Available data:
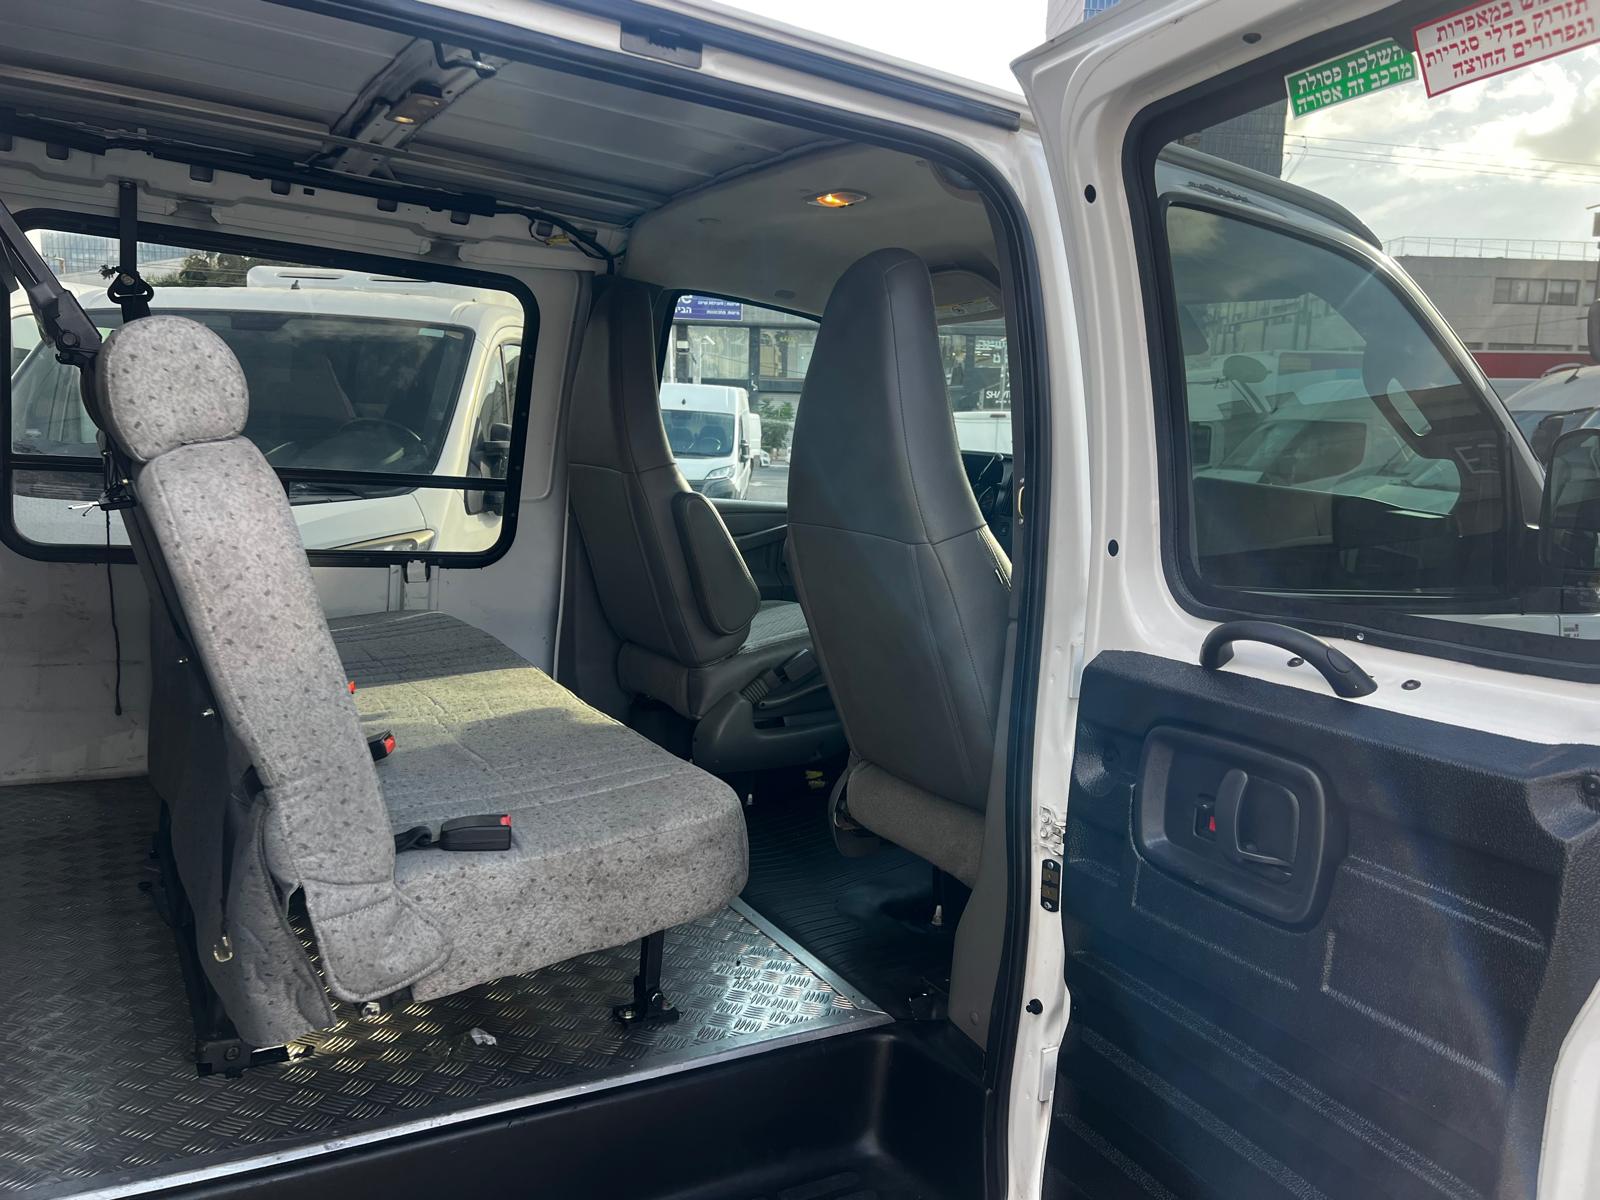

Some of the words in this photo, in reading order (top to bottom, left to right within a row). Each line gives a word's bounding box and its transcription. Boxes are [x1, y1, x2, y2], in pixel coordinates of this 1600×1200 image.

[1436, 1, 1514, 42] במאפרות
[1485, 19, 1527, 44] בדלי
[1532, 0, 1589, 33] תזרוק
[1425, 35, 1481, 68] סגריות
[1513, 17, 1596, 58] וגפרורים
[1347, 45, 1404, 77] השלכת
[1370, 62, 1413, 89] מרכב
[1452, 47, 1507, 79] החוצה
[1298, 66, 1342, 95] פסולת
[1347, 78, 1365, 97] זה
[1296, 85, 1343, 114] אסורה

Task description: Restate every line above word for word. Do not carry over the images.

Response area:
Some of the words in this photo, in reading order (top to bottom, left to right within a row). Each line gives a word's bounding box and its transcription. Boxes are [x1, y1, x2, y2], in pixel coordinates of this 1600×1200 image.

[1436, 1, 1514, 42] במאפרות
[1485, 19, 1527, 44] בדלי
[1532, 0, 1589, 33] תזרוק
[1425, 35, 1481, 68] סגריות
[1513, 17, 1596, 58] וגפרורים
[1347, 45, 1404, 77] השלכת
[1370, 62, 1413, 89] מרכב
[1452, 47, 1507, 79] החוצה
[1298, 66, 1342, 95] פסולת
[1347, 78, 1365, 97] זה
[1296, 85, 1343, 114] אסורה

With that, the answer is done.